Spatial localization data
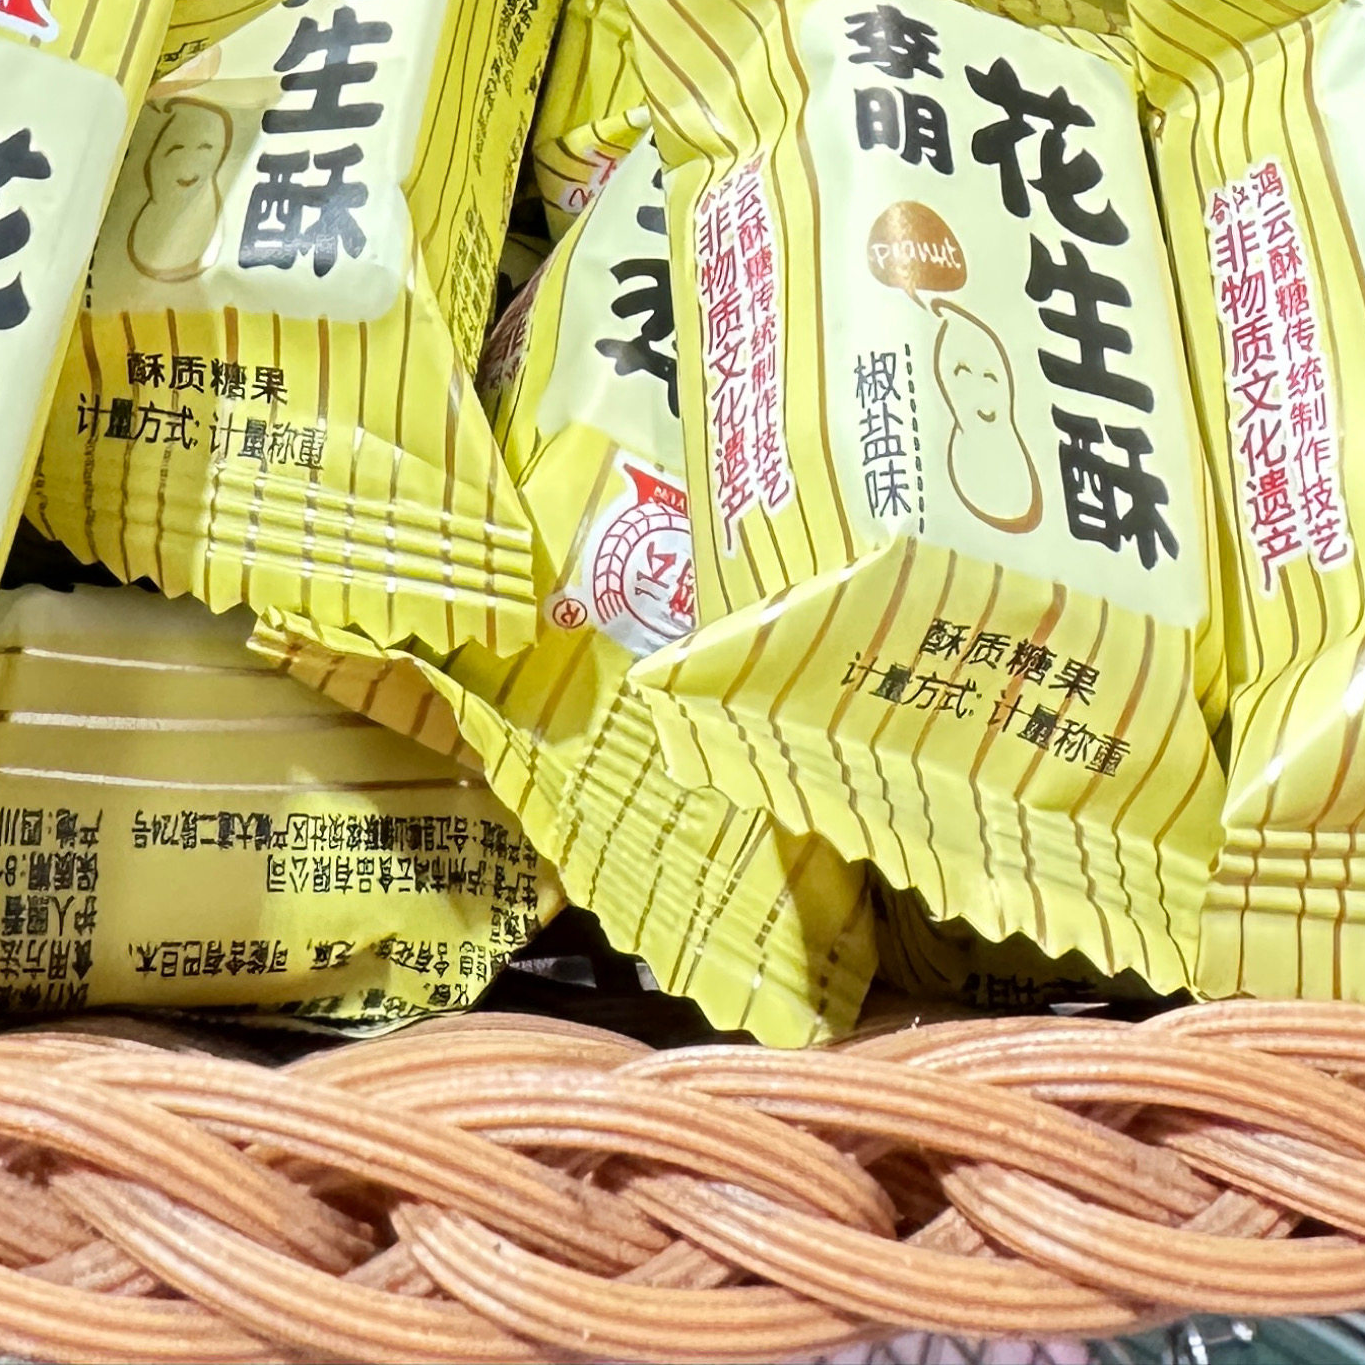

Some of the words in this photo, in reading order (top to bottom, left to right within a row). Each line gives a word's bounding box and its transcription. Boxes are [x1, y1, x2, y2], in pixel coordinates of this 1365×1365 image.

[844, 3, 957, 176] 李明
[125, 350, 289, 406] 酥质糖果
[963, 57, 1180, 571] 花生酥
[1251, 161, 1350, 566] 鸿云酥糖传统制作技艺
[853, 349, 914, 522] 椒盐味
[919, 617, 1102, 708] 酥质糖果
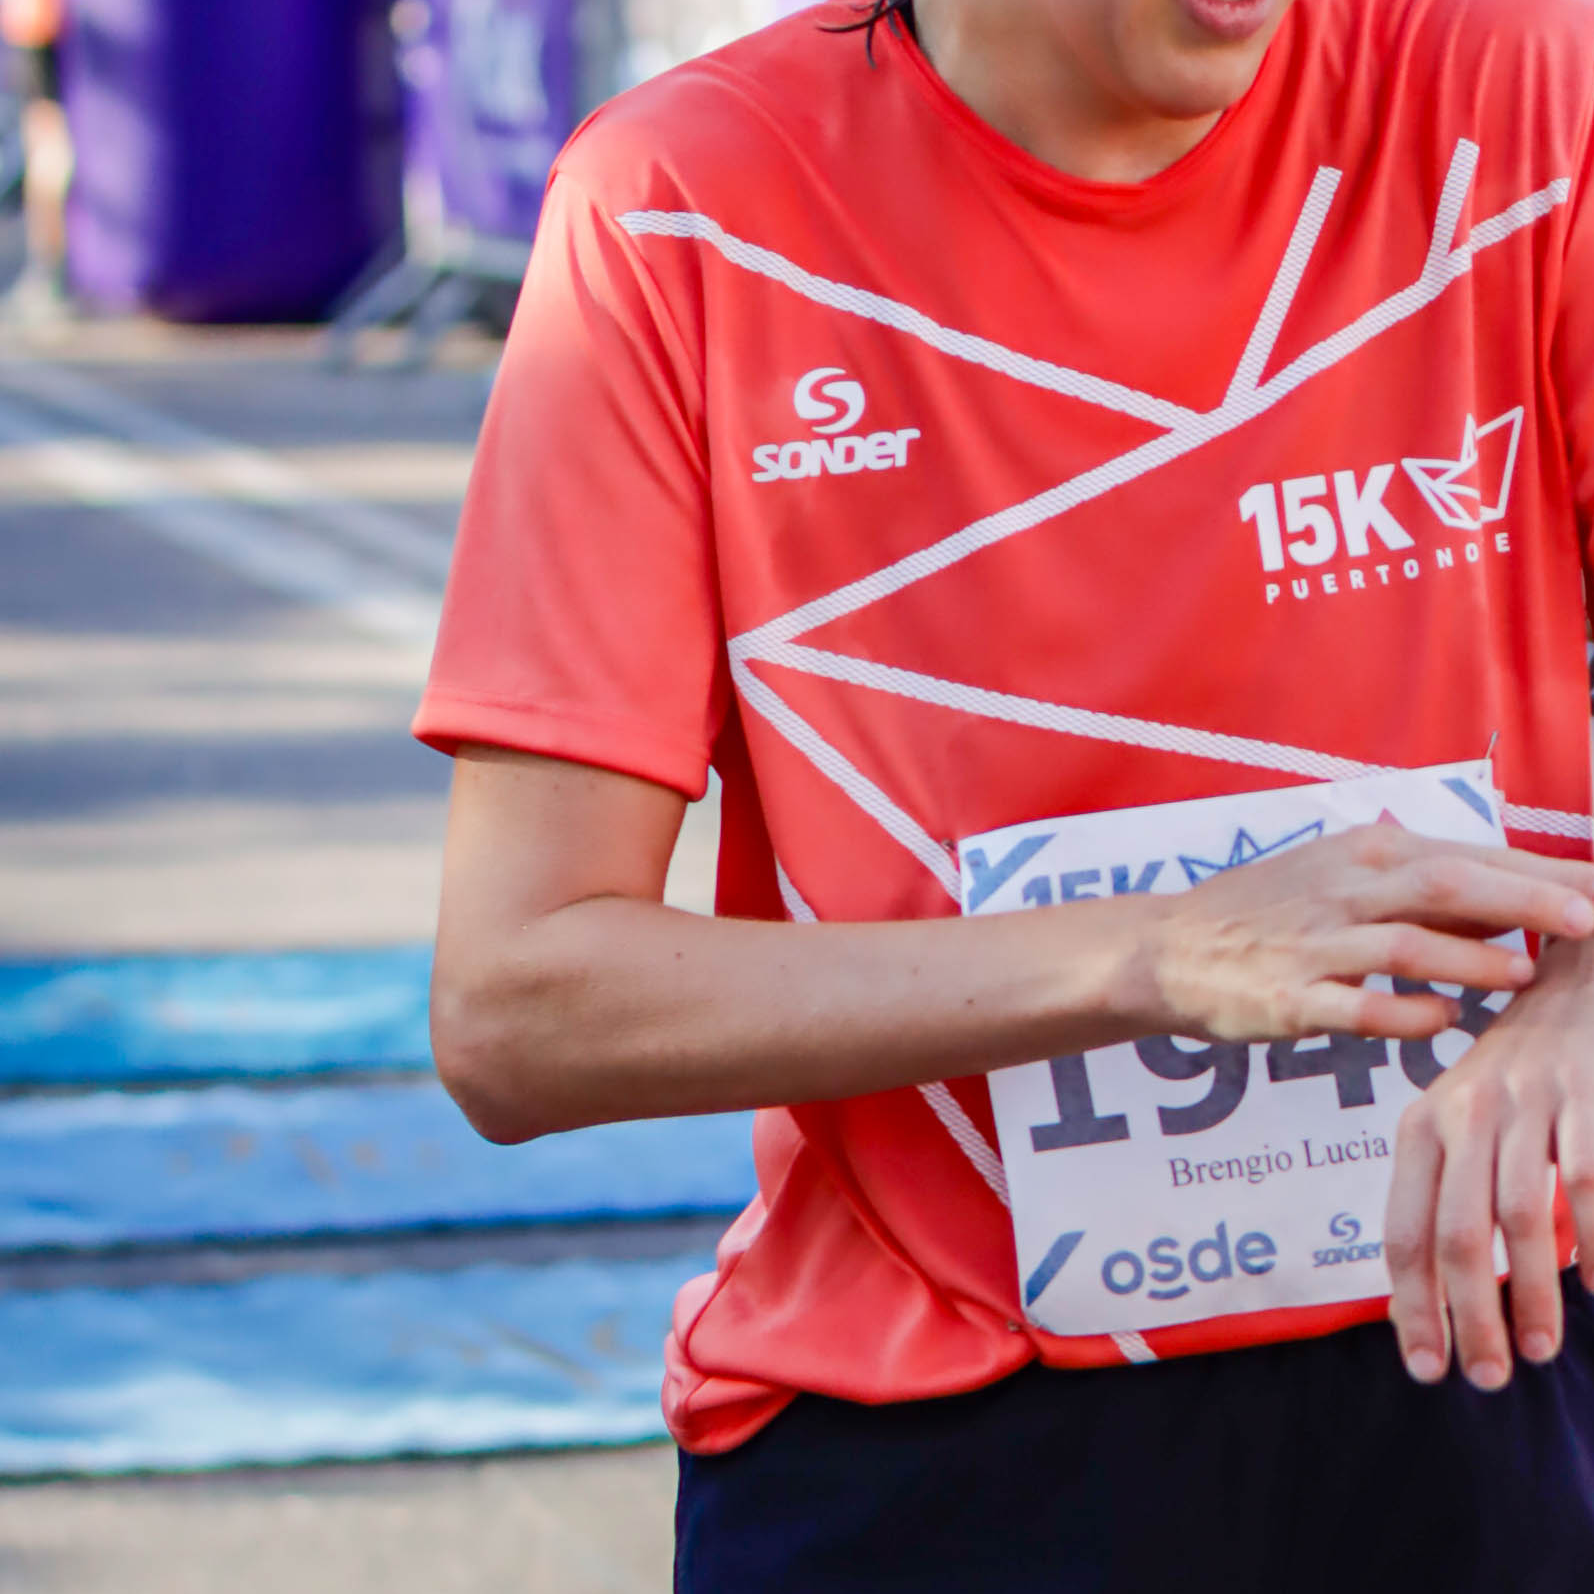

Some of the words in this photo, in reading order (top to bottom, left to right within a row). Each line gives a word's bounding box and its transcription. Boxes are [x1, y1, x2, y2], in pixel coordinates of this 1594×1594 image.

[1238, 462, 1416, 573] 15K
[1265, 557, 1420, 605] PUERTO
[1168, 1151, 1293, 1188] Brengio
[1303, 1133, 1389, 1168] Lucia
[1101, 1220, 1278, 1301] osde
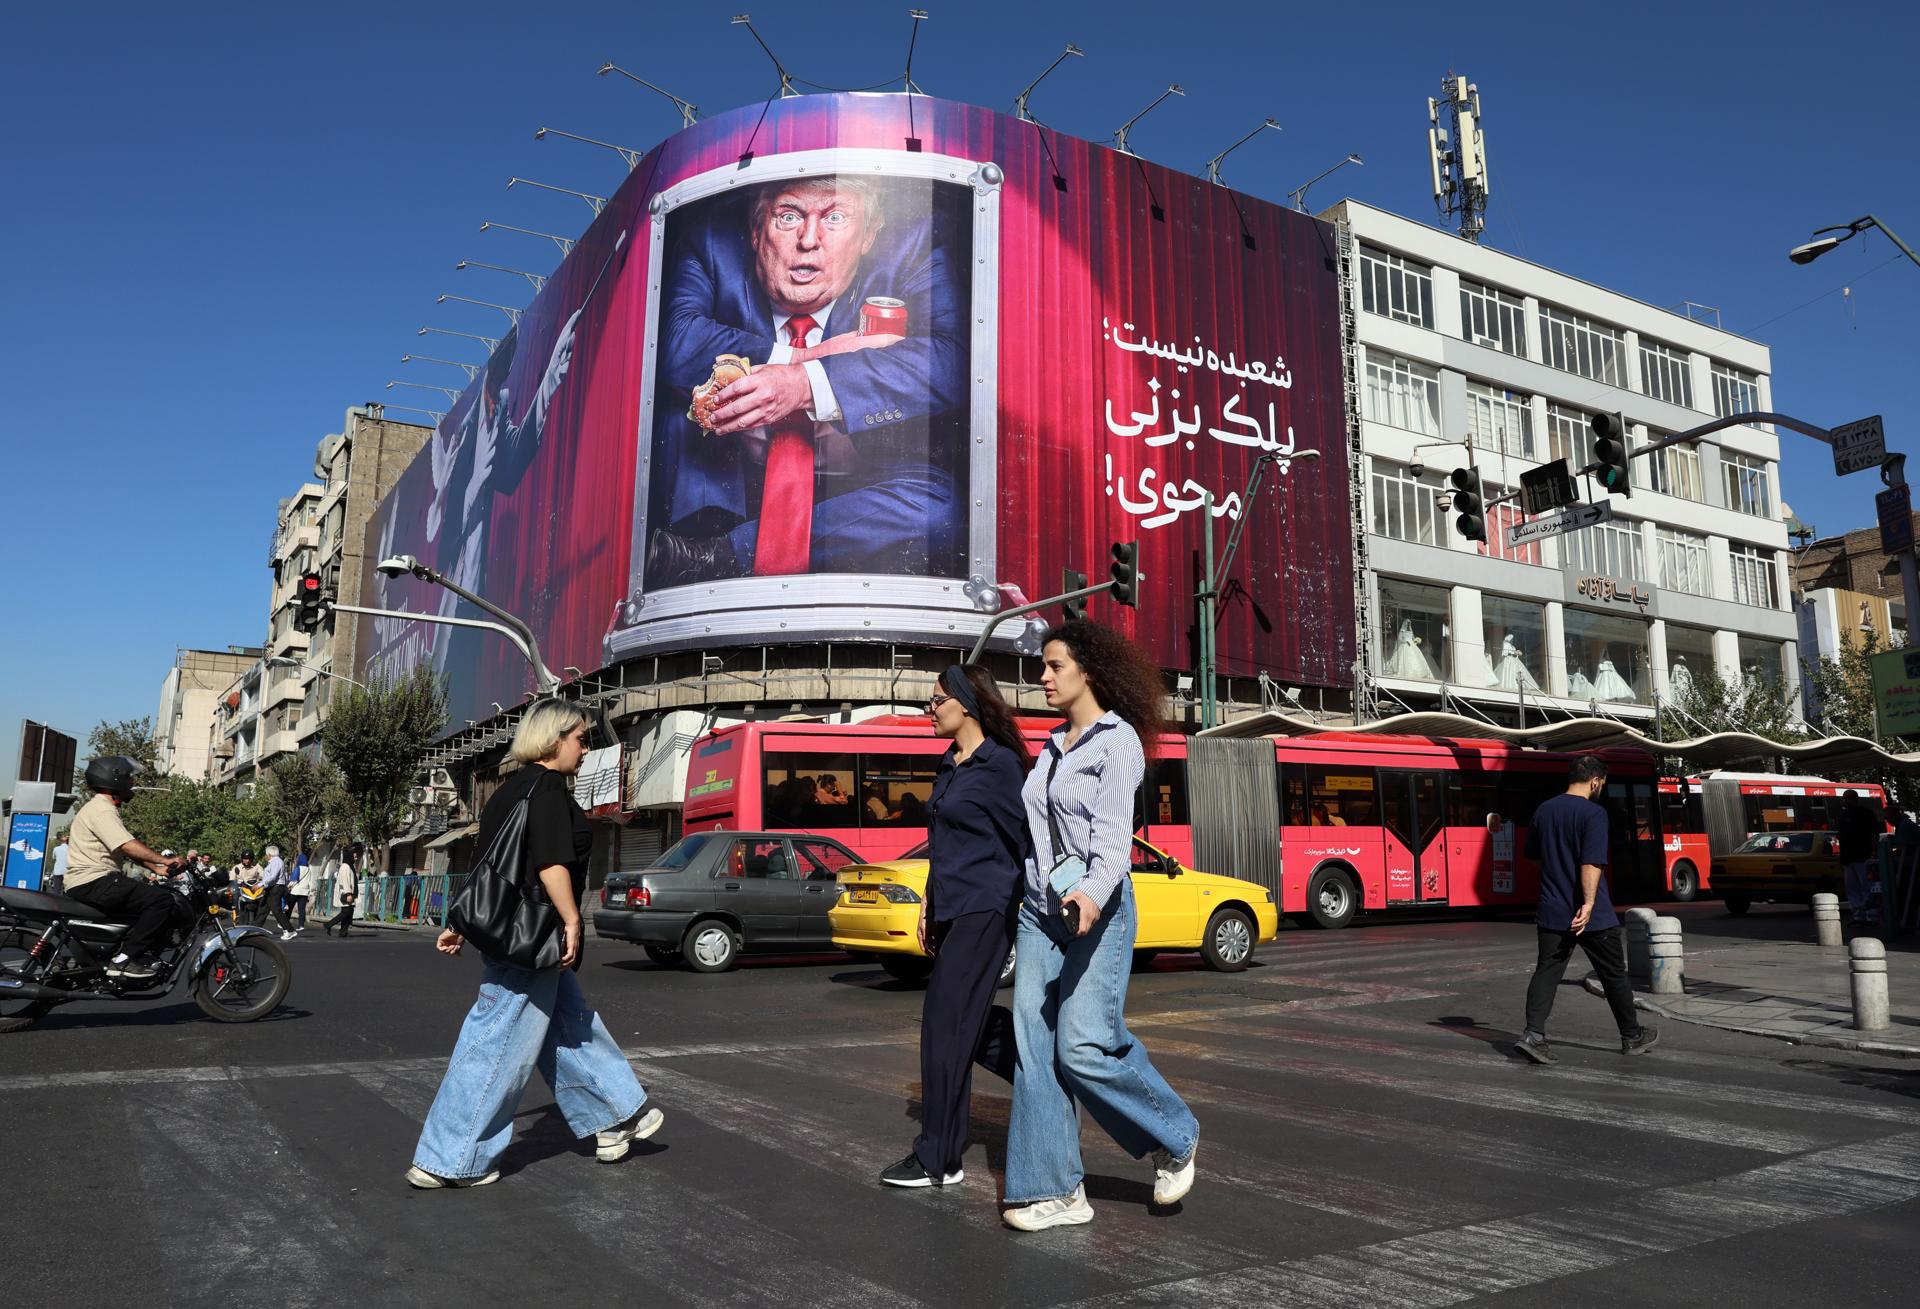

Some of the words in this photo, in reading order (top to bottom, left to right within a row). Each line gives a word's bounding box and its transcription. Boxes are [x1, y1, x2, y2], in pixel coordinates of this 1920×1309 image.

[1104, 316, 1204, 374] نیست!
[1207, 350, 1292, 389] شعبده
[1105, 376, 1201, 451] بزنی
[1209, 394, 1295, 475] پلک
[1105, 453, 1243, 529] محوی!
[1511, 525, 1539, 541] اسلامی
[1540, 519, 1572, 533] جمهوری

| REQUIRED WORK |
Whenever a line holds a picture, print that line without the picture. All other data must be output exactly.

| RESPONSE TO THE EXERCISE |
Some of the words in this photo, in reading order (top to bottom, left to right within a row). Each line gives a word's bounding box and its transcription. Boxes are [x1, y1, x2, y2], in pixel coordinates of this 1365×1365 image.

[844, 3, 957, 176] 李明
[125, 350, 289, 406] 酥质糖果
[963, 57, 1180, 571] 花生酥
[1251, 161, 1350, 566] 鸿云酥糖传统制作技艺
[853, 349, 914, 522] 椒盐味
[919, 617, 1102, 708] 酥质糖果

Some of the words in this photo, in reading order (top to bottom, left to right within a row). Each line gives a word's bounding box and its transcription. Boxes are [x1, y1, x2, y2], in pixel coordinates of this 1594×1594 image.

[1238, 462, 1416, 573] 15K
[1265, 557, 1420, 605] PUERTO
[1168, 1151, 1293, 1188] Brengio
[1303, 1133, 1389, 1168] Lucia
[1101, 1220, 1278, 1301] osde

Some of the words in this photo, in reading order (top to bottom, left to right within a row). Each line gives a word's bounding box and its transcription. Boxes are [x1, y1, x2, y2], in pixel coordinates of this 1920×1309 image.

[1104, 316, 1204, 374] نیست!
[1207, 350, 1292, 389] شعبده
[1105, 376, 1201, 451] بزنی
[1209, 394, 1295, 475] پلک
[1105, 453, 1243, 529] محوی!
[1511, 525, 1539, 541] اسلامی
[1540, 519, 1572, 533] جمهوری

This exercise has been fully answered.